## What to work on
Write out the data below in full. Keep it exact.

## Records supplied
____________
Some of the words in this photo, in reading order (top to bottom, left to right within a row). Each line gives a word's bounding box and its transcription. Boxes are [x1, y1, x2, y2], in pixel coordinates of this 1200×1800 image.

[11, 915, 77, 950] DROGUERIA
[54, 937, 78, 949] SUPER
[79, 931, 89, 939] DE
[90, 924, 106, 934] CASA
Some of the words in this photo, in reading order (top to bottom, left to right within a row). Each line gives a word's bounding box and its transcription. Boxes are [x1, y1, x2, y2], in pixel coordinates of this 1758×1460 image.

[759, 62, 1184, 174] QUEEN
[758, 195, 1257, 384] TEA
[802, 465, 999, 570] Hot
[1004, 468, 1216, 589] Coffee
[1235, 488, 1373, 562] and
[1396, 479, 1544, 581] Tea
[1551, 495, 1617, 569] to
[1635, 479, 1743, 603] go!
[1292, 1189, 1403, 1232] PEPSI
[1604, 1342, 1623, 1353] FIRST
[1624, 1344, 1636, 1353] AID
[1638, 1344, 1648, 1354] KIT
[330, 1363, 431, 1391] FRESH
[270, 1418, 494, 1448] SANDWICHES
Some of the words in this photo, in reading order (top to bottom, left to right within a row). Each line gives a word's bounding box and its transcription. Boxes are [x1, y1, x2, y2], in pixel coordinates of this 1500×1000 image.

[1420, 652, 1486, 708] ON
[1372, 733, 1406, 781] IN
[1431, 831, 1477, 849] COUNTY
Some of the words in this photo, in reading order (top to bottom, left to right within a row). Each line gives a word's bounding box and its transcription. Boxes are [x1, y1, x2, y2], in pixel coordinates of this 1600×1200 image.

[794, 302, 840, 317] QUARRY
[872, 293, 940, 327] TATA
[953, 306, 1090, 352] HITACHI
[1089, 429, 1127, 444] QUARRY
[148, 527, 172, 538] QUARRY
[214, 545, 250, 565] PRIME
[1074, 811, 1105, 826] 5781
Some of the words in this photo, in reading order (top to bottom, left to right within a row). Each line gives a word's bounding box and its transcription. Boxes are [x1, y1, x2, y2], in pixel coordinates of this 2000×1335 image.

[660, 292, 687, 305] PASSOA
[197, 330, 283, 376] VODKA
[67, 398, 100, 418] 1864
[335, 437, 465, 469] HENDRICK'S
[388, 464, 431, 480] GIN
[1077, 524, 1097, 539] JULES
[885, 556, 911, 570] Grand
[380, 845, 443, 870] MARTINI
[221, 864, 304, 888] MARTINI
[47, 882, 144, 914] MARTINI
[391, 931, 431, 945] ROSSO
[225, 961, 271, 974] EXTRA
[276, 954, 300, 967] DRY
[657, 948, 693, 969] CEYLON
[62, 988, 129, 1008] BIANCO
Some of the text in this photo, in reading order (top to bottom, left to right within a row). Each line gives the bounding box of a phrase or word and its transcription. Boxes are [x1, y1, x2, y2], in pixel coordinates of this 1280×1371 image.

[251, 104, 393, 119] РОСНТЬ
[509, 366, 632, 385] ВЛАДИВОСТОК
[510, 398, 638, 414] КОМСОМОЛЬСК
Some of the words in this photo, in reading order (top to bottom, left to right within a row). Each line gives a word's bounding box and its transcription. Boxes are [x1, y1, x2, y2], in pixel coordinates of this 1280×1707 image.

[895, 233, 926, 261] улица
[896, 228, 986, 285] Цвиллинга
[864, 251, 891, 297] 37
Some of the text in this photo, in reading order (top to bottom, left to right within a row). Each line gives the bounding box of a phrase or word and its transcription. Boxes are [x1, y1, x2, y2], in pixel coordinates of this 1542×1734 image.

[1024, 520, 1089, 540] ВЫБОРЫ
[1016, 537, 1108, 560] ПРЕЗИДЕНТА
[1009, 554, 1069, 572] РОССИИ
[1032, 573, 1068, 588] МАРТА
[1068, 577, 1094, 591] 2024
____________
## Solution
Some of the words in this photo, in reading order (top to bottom, left to right within a row). Each line gives a word's bounding box and its transcription. Boxes are [x1, y1, x2, y2], in pixel coordinates of this 1200×1800 image.

[11, 915, 77, 950] DROGUERIA
[54, 937, 78, 949] SUPER
[79, 931, 89, 939] DE
[90, 924, 106, 934] CASA
Some of the words in this photo, in reading order (top to bottom, left to right within a row). Each line gives a word's bounding box and its transcription. Boxes are [x1, y1, x2, y2], in pixel coordinates of this 1758×1460 image.

[759, 62, 1184, 174] QUEEN
[758, 195, 1257, 384] TEA
[802, 465, 999, 570] Hot
[1004, 468, 1216, 589] Coffee
[1235, 488, 1373, 562] and
[1396, 479, 1544, 581] Tea
[1551, 495, 1617, 569] to
[1635, 479, 1743, 603] go!
[1292, 1189, 1403, 1232] PEPSI
[1604, 1342, 1623, 1353] FIRST
[1624, 1344, 1636, 1353] AID
[1638, 1344, 1648, 1354] KIT
[330, 1363, 431, 1391] FRESH
[270, 1418, 494, 1448] SANDWICHES
Some of the words in this photo, in reading order (top to bottom, left to right within a row). Each line gives a word's bounding box and its transcription. Boxes are [x1, y1, x2, y2], in pixel coordinates of this 1500×1000 image.

[1420, 652, 1486, 708] ON
[1372, 733, 1406, 781] IN
[1431, 831, 1477, 849] COUNTY
Some of the words in this photo, in reading order (top to bottom, left to right within a row). Each line gives a word's bounding box and its transcription. Boxes are [x1, y1, x2, y2], in pixel coordinates of this 1600×1200 image.

[794, 302, 840, 317] QUARRY
[872, 293, 940, 327] TATA
[953, 306, 1090, 352] HITACHI
[1089, 429, 1127, 444] QUARRY
[148, 527, 172, 538] QUARRY
[214, 545, 250, 565] PRIME
[1074, 811, 1105, 826] 5781
Some of the words in this photo, in reading order (top to bottom, left to right within a row). Each line gives a word's bounding box and its transcription. Boxes are [x1, y1, x2, y2], in pixel coordinates of this 2000×1335 image.

[660, 292, 687, 305] PASSOA
[197, 330, 283, 376] VODKA
[67, 398, 100, 418] 1864
[335, 437, 465, 469] HENDRICK'S
[388, 464, 431, 480] GIN
[1077, 524, 1097, 539] JULES
[885, 556, 911, 570] Grand
[380, 845, 443, 870] MARTINI
[221, 864, 304, 888] MARTINI
[47, 882, 144, 914] MARTINI
[391, 931, 431, 945] ROSSO
[225, 961, 271, 974] EXTRA
[276, 954, 300, 967] DRY
[657, 948, 693, 969] CEYLON
[62, 988, 129, 1008] BIANCO
Some of the text in this photo, in reading order (top to bottom, left to right within a row). Each line gives the bounding box of a phrase or word and its transcription. Boxes are [x1, y1, x2, y2], in pixel coordinates of this 1280×1371 image.

[251, 104, 393, 119] РОСНТЬ
[509, 366, 632, 385] ВЛАДИВОСТОК
[510, 398, 638, 414] КОМСОМОЛЬСК
Some of the words in this photo, in reading order (top to bottom, left to right within a row). Each line gives a word's bounding box and its transcription. Boxes are [x1, y1, x2, y2], in pixel coordinates of this 1280×1707 image.

[895, 233, 926, 261] улица
[896, 228, 986, 285] Цвиллинга
[864, 251, 891, 297] 37
Some of the text in this photo, in reading order (top to bottom, left to right within a row). Each line gives the bounding box of a phrase or word and its transcription. Boxes are [x1, y1, x2, y2], in pixel coordinates of this 1542×1734 image.

[1024, 520, 1089, 540] ВЫБОРЫ
[1016, 537, 1108, 560] ПРЕЗИДЕНТА
[1009, 554, 1069, 572] РОССИИ
[1032, 573, 1068, 588] МАРТА
[1068, 577, 1094, 591] 2024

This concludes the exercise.